▸ EXERCISE PROMPT: In the records below, find the line that contains "this 1600×1200 image." and repeat it, along with each line after it, exactly as written.

▸ Collected data:
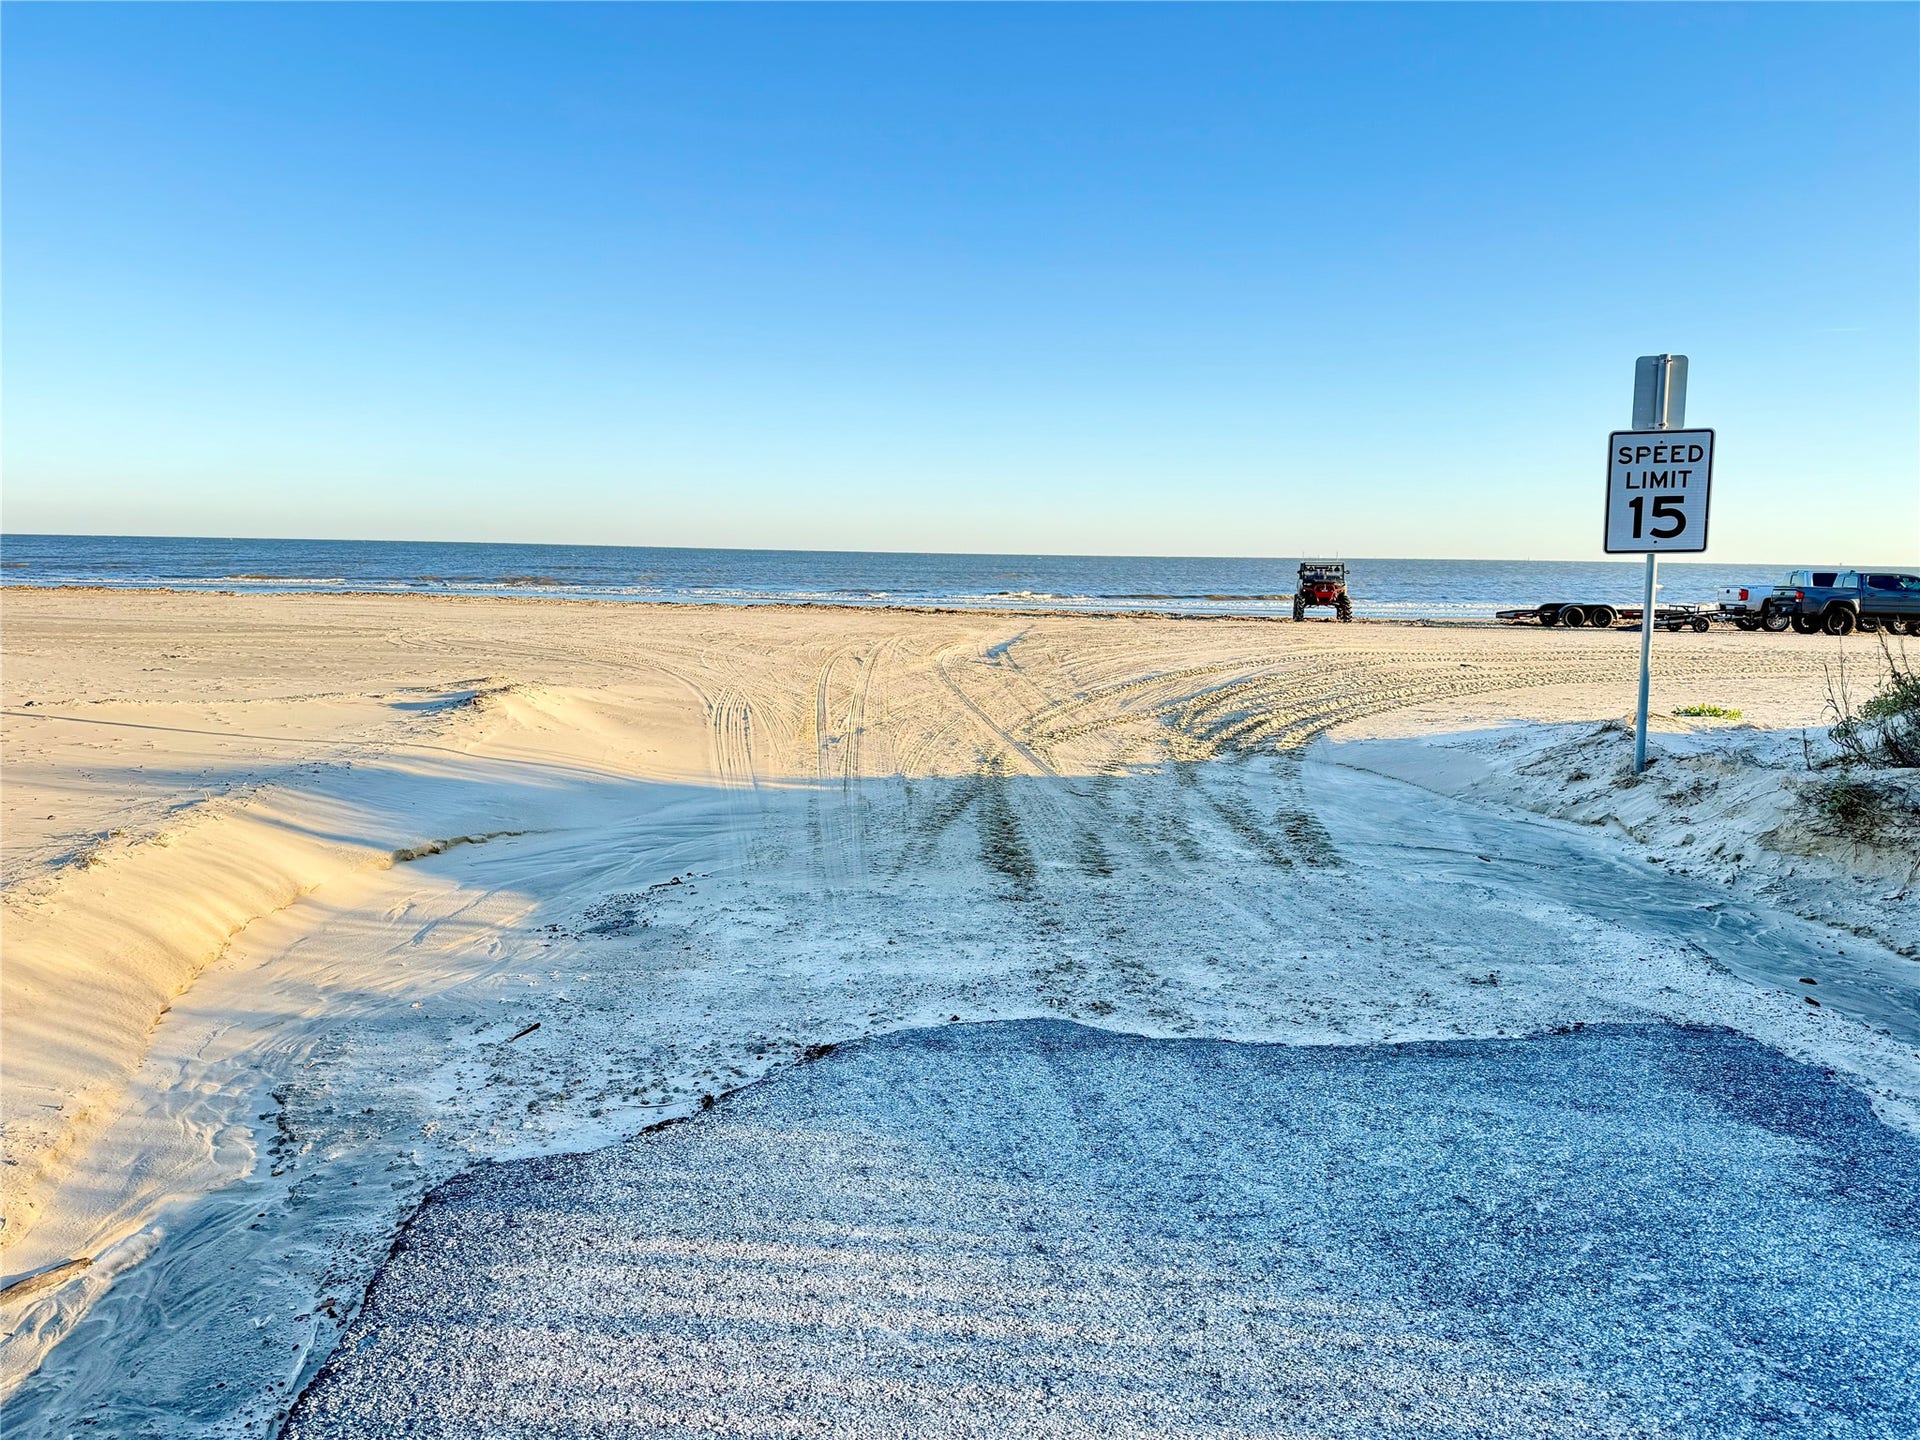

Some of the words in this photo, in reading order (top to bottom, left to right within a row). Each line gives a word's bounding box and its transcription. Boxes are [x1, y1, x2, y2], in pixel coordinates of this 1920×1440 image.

[1618, 445, 1704, 464] SPEED
[1626, 470, 1692, 489] LIMIT
[1629, 496, 1686, 538] 15
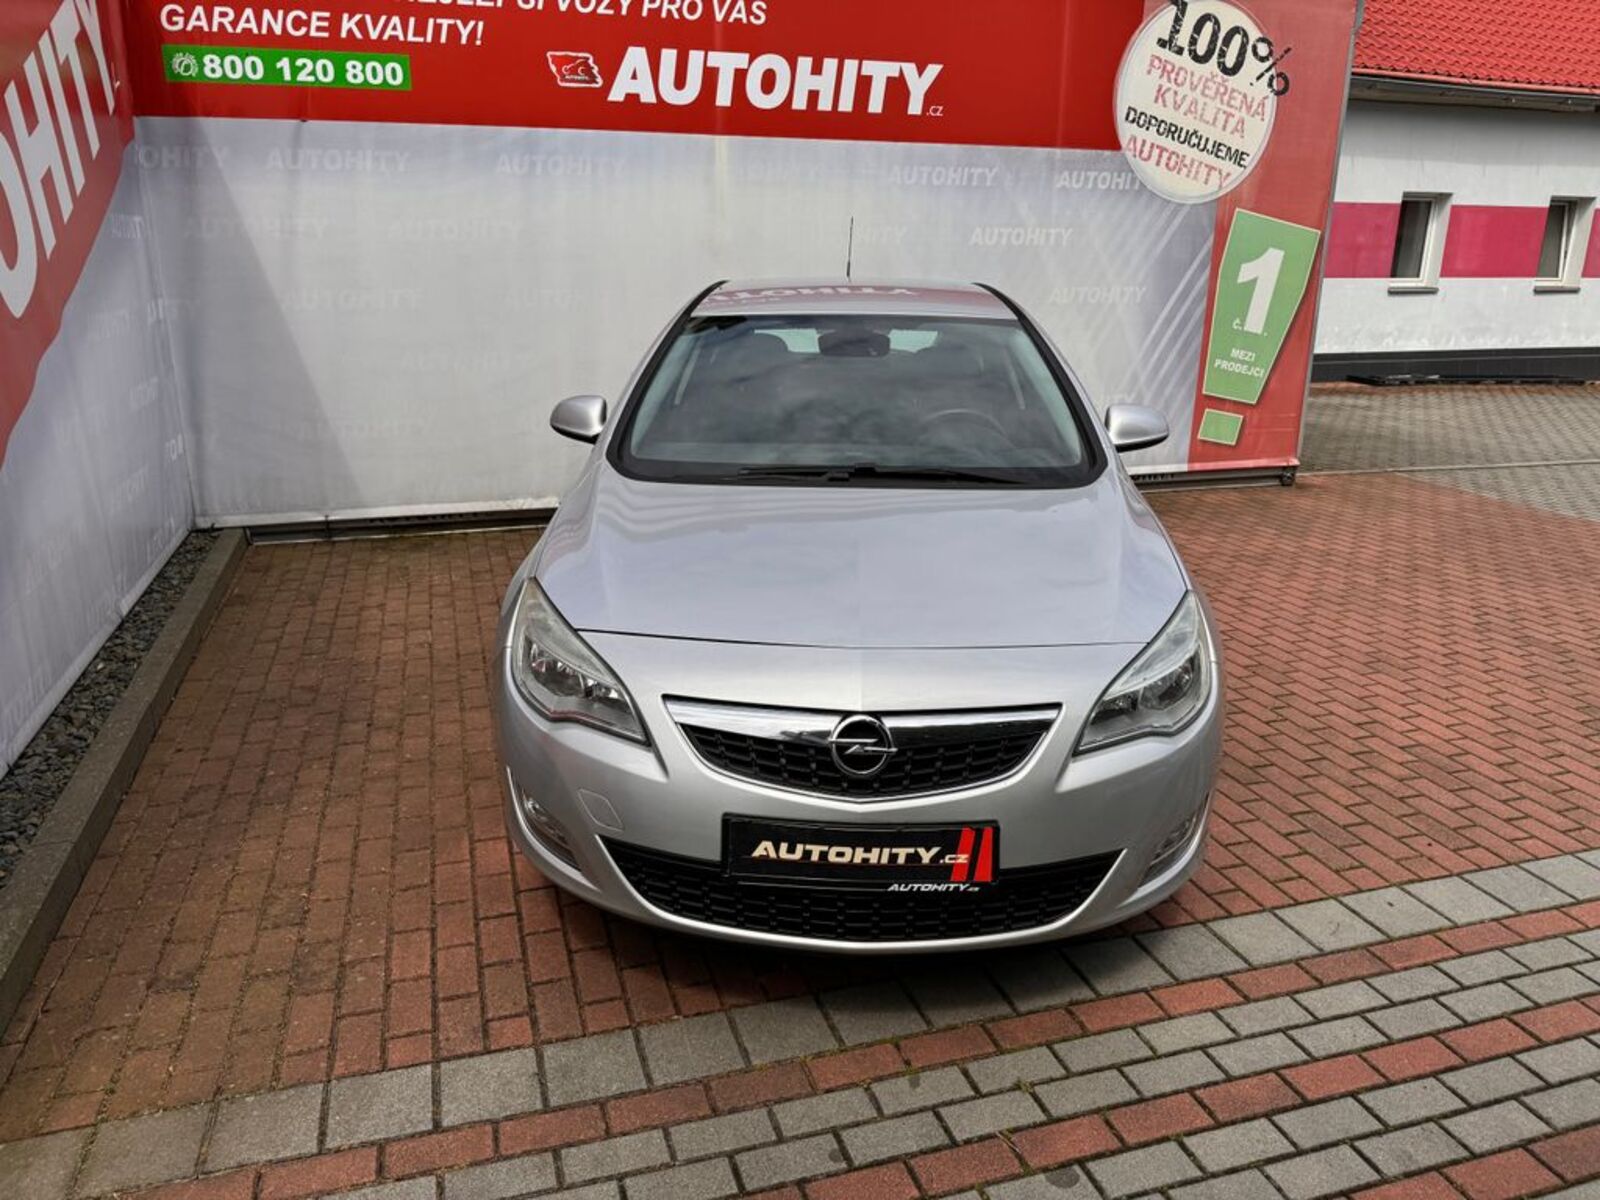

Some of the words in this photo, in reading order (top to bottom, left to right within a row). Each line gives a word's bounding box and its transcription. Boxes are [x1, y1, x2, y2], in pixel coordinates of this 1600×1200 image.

[160, 4, 330, 38] GARANCE
[339, 12, 485, 46] KVALITY!
[641, 0, 703, 21] PRO
[1156, 0, 1292, 96] 100%
[202, 54, 265, 81] 800
[276, 57, 335, 84] 120
[345, 60, 404, 86] 800
[1147, 54, 1269, 122] PROVĚŘENÁ
[1153, 84, 1246, 139] KVALITA
[1125, 106, 1250, 170] DOPORUČUJEME
[887, 165, 999, 188] AUTOHITY
[1126, 136, 1232, 191] AUTOHITY
[970, 226, 1074, 248] AUTOHITY
[1213, 359, 1265, 378] PRODEJCI
[1230, 348, 1256, 362] MEZI

▸ SOLUTION BELOW:
Some of the words in this photo, in reading order (top to bottom, left to right within a row). Each line gives a word's bounding box and its transcription. Boxes are [x1, y1, x2, y2], in pixel coordinates of this 1600×1200 image.

[160, 4, 330, 38] GARANCE
[339, 12, 485, 46] KVALITY!
[641, 0, 703, 21] PRO
[1156, 0, 1292, 96] 100%
[202, 54, 265, 81] 800
[276, 57, 335, 84] 120
[345, 60, 404, 86] 800
[1147, 54, 1269, 122] PROVĚŘENÁ
[1153, 84, 1246, 139] KVALITA
[1125, 106, 1250, 170] DOPORUČUJEME
[887, 165, 999, 188] AUTOHITY
[1126, 136, 1232, 191] AUTOHITY
[970, 226, 1074, 248] AUTOHITY
[1213, 359, 1265, 378] PRODEJCI
[1230, 348, 1256, 362] MEZI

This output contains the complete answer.